What is nuclear fission: some physics
Atoms are made up of a central nucleus, and "orbiting" electrons. The nucleus is made of protons and neutrons. Protons and electrons are charged: protons are positively charged, and electrons are negatively charged. The magnitude of their charge is the same, but the sign is opposite.
An "atom" is not charged overall, by definition (a charged particle is called an "ion"), and therefore has the same number of protons and neutrons (so that the charges balance).
The element is determined by the number of protons and electrons. For example, one proton is called Hydrogen, two protons is called Helium, three is Lithium and so on.
Protons and neutrons are held together in the nucleus by the nuclear force. In a physical sense, when you apply a force to something, say pushing a box, you are transferring energy from yourself to the box. The opposite it also true.
In simple terms, the force "field" is a store of energy, and when this field breaks down, it releases the energy it stores.
In nuclear fission, heavy atoms are encouraged to decay, to break apart into smaller atoms. Because less energy is required to hold two smaller nuclei together than one large one, there is a net release of energy.
How much energy is released during nuclear fission?
Let's assume a reaction. Atom X decays by fission into atoms Y and Z. What we find is that the mass of atom X is greater than the mass of Y and Z combined. There is a loss of mass during the decay, known as a mass deficit.
Now we apply one of Physics' best known equations: E=mc2. E stands for "energy", m stands for "mass" and c is the speed of light. m is the mass deficit in this case. The value of c2, that is c x c, is huge. The value of c is 300000000 metres per second. This means that even a tiny mass deficit can translate into a substantial amount of energy.
In fact, and I believe this is the third time this quote appears on this site,
At the atomic level, the thermal energy released in a fission event is 200MeV, compared with only a few electron-volts produced each time a hydrocarbon molecule is broken down by burning carbon-based fuels. As a result, a single nuclear-reactor fuel pellet just 1cm long can produce the same amount of electricity of 1.5 tonnes of coal.
Source: P. Norman, A. Worrall, K. Hesketh, Physics World, Vol 20, No 7, July 2007, page 25
Quite a lot, then!What is the fuel for nuclear fission?
The primary fuel used for nuclear fission is Uranium 235. We use U-235 because it is one of the easiest of the fissile materials to use for controlled fission, but others can be used as well, for example, Thorium.
It is also a result of the fact that nuclear power research was developed alongside nuclear weapons research, so that the one complemented the other, and Uranium can be used in nuclear fission bombs.
How does nuclear fission work?
There are many kinds of nuclear reactor in existence and in development which make apply this process.
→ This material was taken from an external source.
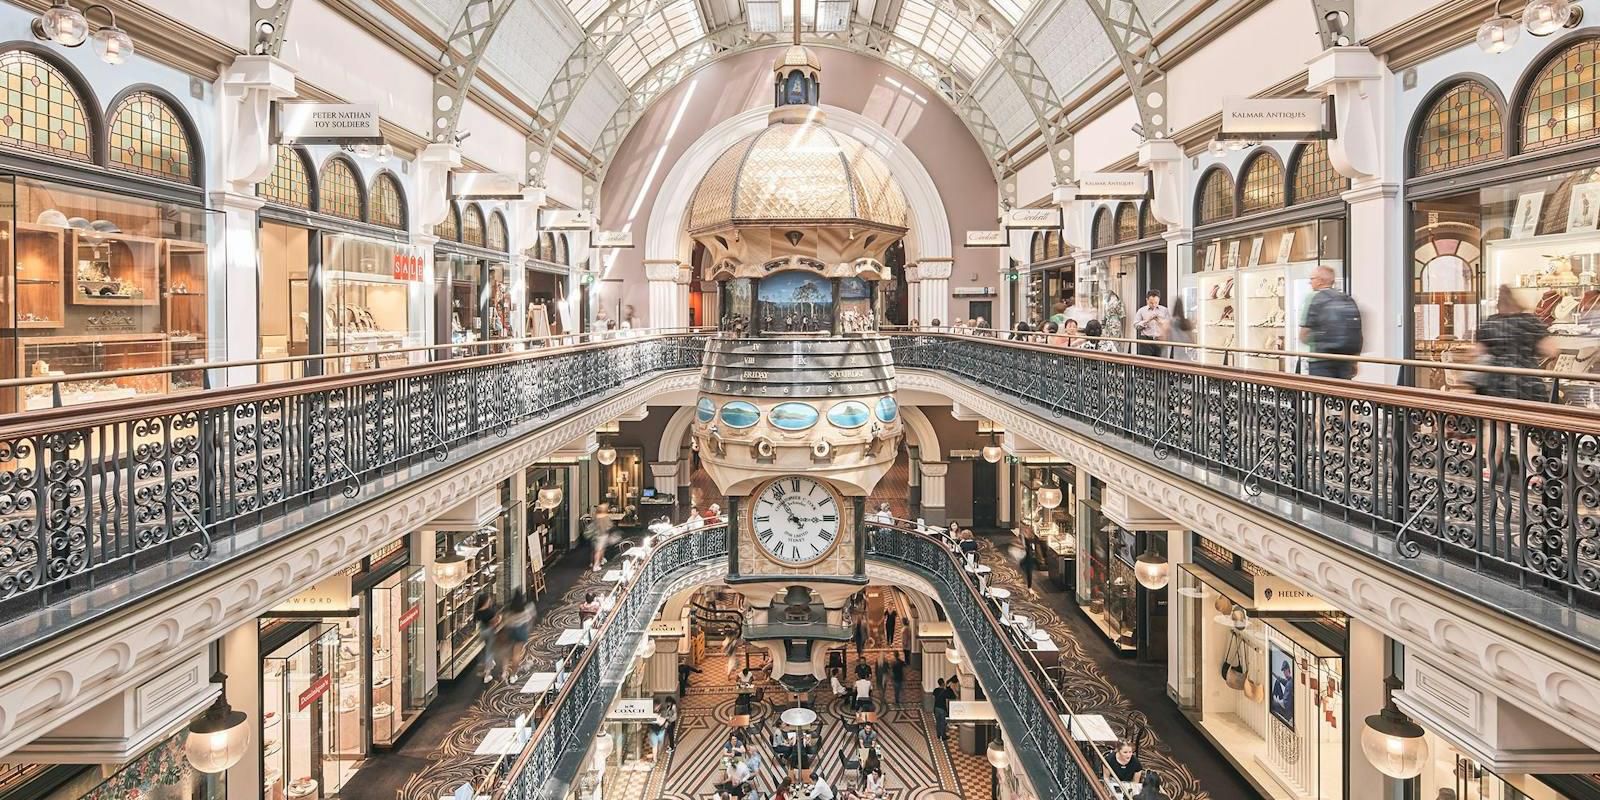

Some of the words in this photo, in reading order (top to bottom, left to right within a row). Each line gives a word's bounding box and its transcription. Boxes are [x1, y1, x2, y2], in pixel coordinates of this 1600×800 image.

I won't discuss them all here, however. The idea, though, is to develop a controlled chain reaction.
Uranium does decay on its own but not in the way we force it to in nuclear reactors. The process must be started by us, by firing a neutron at the Uranium. One nucleus (parent) will capture it, which will cause it to become even more unstable, causing it to decay by fission into two almost equally sized products (daughters).
The important thing is that it also emits a few free neutrons in the process, which then do the same thing again with other nearby Uranium nuclei. In a bomb, this process is uncontrolled and so more and more nuclei decay until.... well, yes.
In a reactor, however, this process is controlled such that the number of neutrons flying around can be adjusted. This way, a steady number of decays can be achieved and a steady amount of power can be released.